# Text-to-region grounding data
* * *

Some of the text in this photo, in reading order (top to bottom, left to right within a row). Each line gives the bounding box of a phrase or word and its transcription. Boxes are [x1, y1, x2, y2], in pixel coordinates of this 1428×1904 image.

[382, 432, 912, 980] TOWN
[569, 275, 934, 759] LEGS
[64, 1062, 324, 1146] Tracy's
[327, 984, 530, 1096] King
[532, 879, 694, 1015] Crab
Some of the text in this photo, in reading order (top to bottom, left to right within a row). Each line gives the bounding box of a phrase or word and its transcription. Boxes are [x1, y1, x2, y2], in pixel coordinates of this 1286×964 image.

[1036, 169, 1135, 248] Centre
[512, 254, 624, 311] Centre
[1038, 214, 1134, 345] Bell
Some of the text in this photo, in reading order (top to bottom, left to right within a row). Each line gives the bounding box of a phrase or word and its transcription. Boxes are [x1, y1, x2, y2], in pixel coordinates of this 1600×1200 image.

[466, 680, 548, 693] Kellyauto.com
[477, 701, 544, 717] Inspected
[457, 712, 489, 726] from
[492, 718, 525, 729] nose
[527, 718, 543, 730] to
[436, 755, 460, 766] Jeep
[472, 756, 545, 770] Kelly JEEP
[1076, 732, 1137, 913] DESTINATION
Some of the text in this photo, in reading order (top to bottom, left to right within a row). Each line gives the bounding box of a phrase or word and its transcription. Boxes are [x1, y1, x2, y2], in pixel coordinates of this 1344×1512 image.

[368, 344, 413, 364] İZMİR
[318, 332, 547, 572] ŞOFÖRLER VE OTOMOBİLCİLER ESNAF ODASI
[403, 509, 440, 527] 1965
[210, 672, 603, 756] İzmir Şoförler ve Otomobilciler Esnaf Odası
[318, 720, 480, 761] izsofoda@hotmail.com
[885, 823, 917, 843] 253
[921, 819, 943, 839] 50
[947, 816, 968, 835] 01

* * *

# Problem requirements
Retype every entry exactly.

# Task response
Some of the text in this photo, in reading order (top to bottom, left to right within a row). Each line gives the bounding box of a phrase or word and its transcription. Boxes are [x1, y1, x2, y2], in pixel coordinates of this 1428×1904 image.

[382, 432, 912, 980] TOWN
[569, 275, 934, 759] LEGS
[64, 1062, 324, 1146] Tracy's
[327, 984, 530, 1096] King
[532, 879, 694, 1015] Crab
Some of the text in this photo, in reading order (top to bottom, left to right within a row). Each line gives the bounding box of a phrase or word and its transcription. Boxes are [x1, y1, x2, y2], in pixel coordinates of this 1286×964 image.

[1036, 169, 1135, 248] Centre
[512, 254, 624, 311] Centre
[1038, 214, 1134, 345] Bell
Some of the text in this photo, in reading order (top to bottom, left to right within a row). Each line gives the bounding box of a phrase or word and its transcription. Boxes are [x1, y1, x2, y2], in pixel coordinates of this 1600×1200 image.

[466, 680, 548, 693] Kellyauto.com
[477, 701, 544, 717] Inspected
[457, 712, 489, 726] from
[492, 718, 525, 729] nose
[527, 718, 543, 730] to
[436, 755, 460, 766] Jeep
[472, 756, 545, 770] Kelly JEEP
[1076, 732, 1137, 913] DESTINATION
Some of the text in this photo, in reading order (top to bottom, left to right within a row). Each line gives the bounding box of a phrase or word and its transcription. Boxes are [x1, y1, x2, y2], in pixel coordinates of this 1344×1512 image.

[368, 344, 413, 364] İZMİR
[318, 332, 547, 572] ŞOFÖRLER VE OTOMOBİLCİLER ESNAF ODASI
[403, 509, 440, 527] 1965
[210, 672, 603, 756] İzmir Şoförler ve Otomobilciler Esnaf Odası
[318, 720, 480, 761] izsofoda@hotmail.com
[885, 823, 917, 843] 253
[921, 819, 943, 839] 50
[947, 816, 968, 835] 01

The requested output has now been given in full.